Tania Bruguera, un’artista che ha assistito alla repressione della libertà di espressione cubana, ha descritto quanto ha appreso in quel periodo in “The Shifting Grounds of Censorship and Freedom of Expression”. Tra queste cose c’è la sua motivazione a creare arte pubblica, “in quanto gli artisti cubani… non sono abituati a vedere la sfera pubblica come un’opzione.” Gli artisti, sostiene, devono prendersi la responsabilità di andare “agli avamposti di una lotta e di raccontare storie per controbilanciare la propaganda ufficiale e lottare contro lo status quo.”

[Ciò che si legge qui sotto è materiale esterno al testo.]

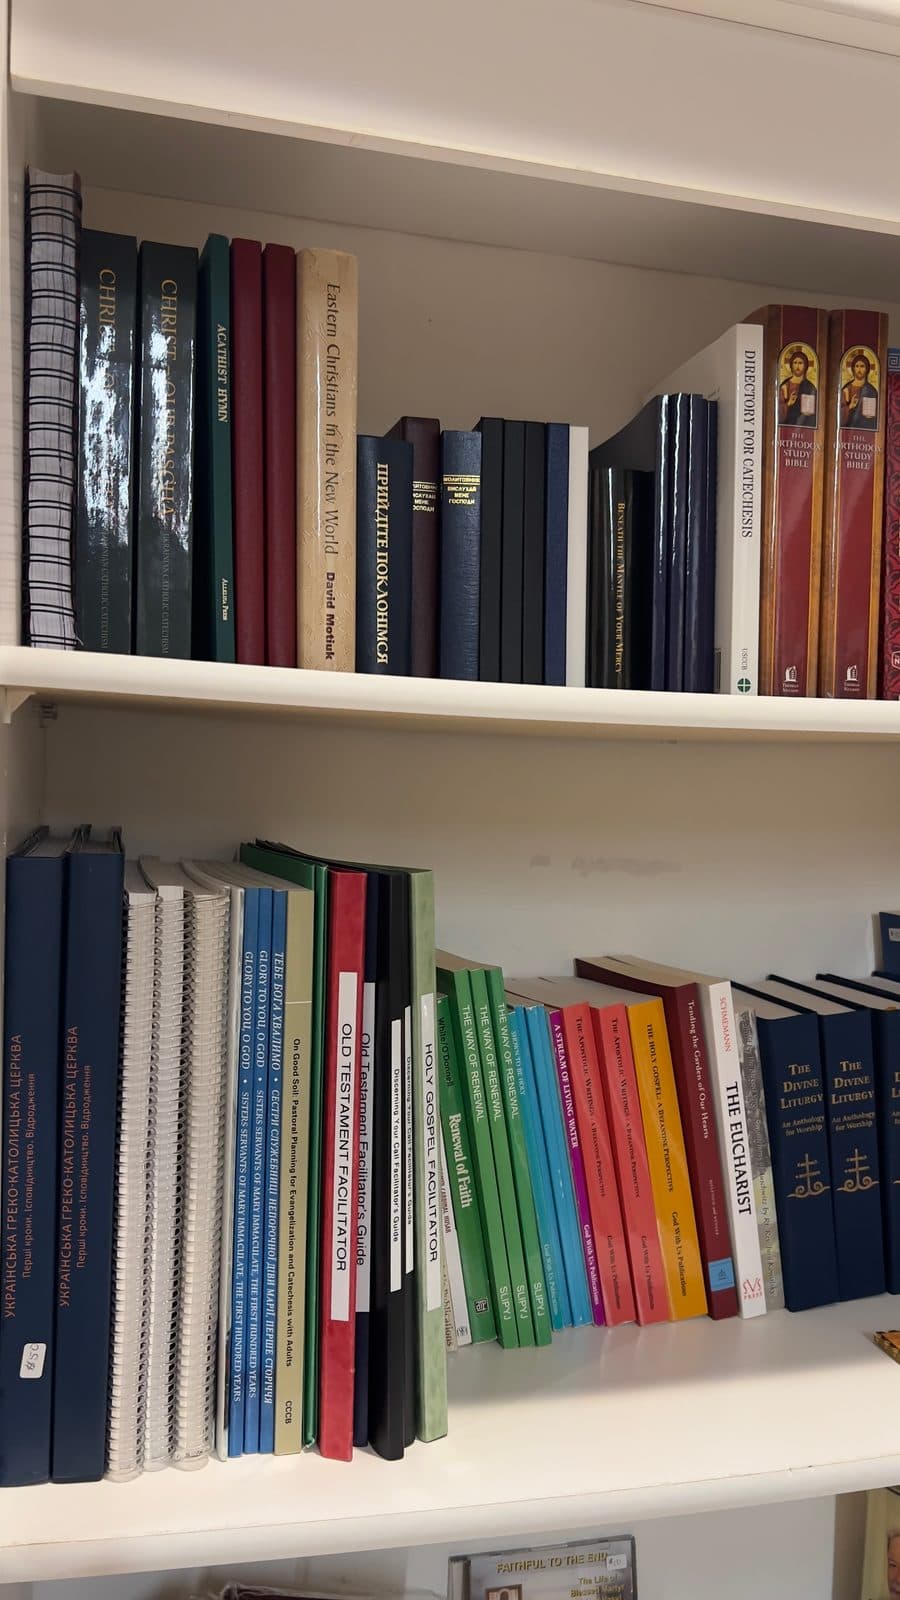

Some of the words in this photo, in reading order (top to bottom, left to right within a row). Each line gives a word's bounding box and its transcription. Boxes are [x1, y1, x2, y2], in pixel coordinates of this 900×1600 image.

L’artista Naeem Mohaiemen partecipa con la sua esperienza di contestazione delle condizioni di lavoro dei lavoratori migranti durante la costruzione del Guggenheim sull’isola di Saadiyat, ad Abu Dhabi. La critica presentata come un’installazione artistica è ampiamente accettata, sostiene in “The Loneliness of the Long-Distance Campaign.” Tuttavia, quando gli artisti negoziano o protestano di fatto con gli amministratori, questo viene visto come atto di ribellione.

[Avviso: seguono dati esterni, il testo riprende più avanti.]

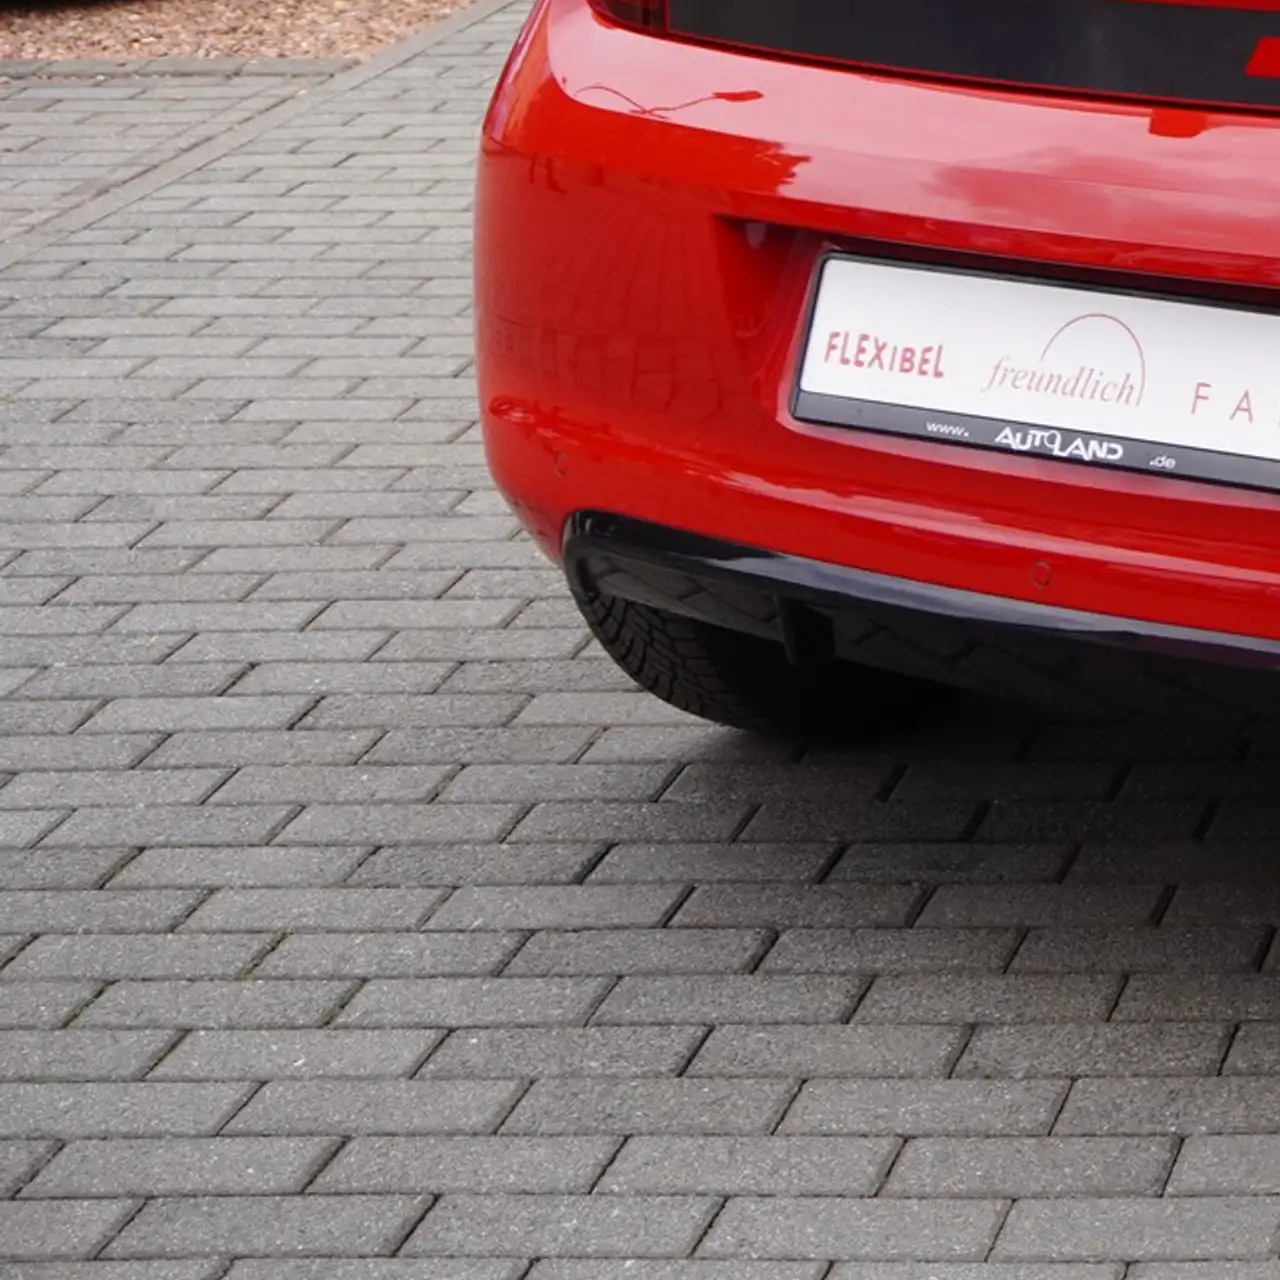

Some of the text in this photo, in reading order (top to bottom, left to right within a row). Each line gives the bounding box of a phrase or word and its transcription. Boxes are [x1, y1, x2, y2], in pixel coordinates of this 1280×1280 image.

[825, 331, 944, 378] FLEXIBEL
[981, 355, 1135, 405] freundlich
[926, 421, 1176, 470] www. AUTOLAND .de

La raccolta di saggi fornisce una guida su come sostenere un boicottaggio accademico e, attraverso le sue caute parole, offre buoni consigli sulle sfide attuali e potenziali che minacciano di impedire i movimenti di boicottaggio.

Gli artisti potrebbero trovare il libro particolarmente utile dato che diversi artisti hanno condiviso i loro personali aneddoti e consigli per l’impegno nei boicottaggi culturali.

Tuttavia, forse a causa dell’ampio numero di scrittori e dei loro diversi punti di vista, la raccolta può sembrare disorganica. Questo è particolarmente evidente nell’ultimo capitolo, dove i saggi non sono coesi.

Nonostante questo, Assuming Boycott riporta attentamente (vari) racconti sul boicottaggio in un momento in cui i governi occidentali stanno penalizzando le persone per il fatto di esercitare il loro diritto a resistere. Per coloro che desiderano sapere di più sui movimenti di boicottaggio è una lettura molto utile.

Marguerite Dabaie è un’illustratrice palestinese-americana e una vignettista che vive a Brooklyn, New York. Il suo lavoro può essere visto su www.mdabaie.com.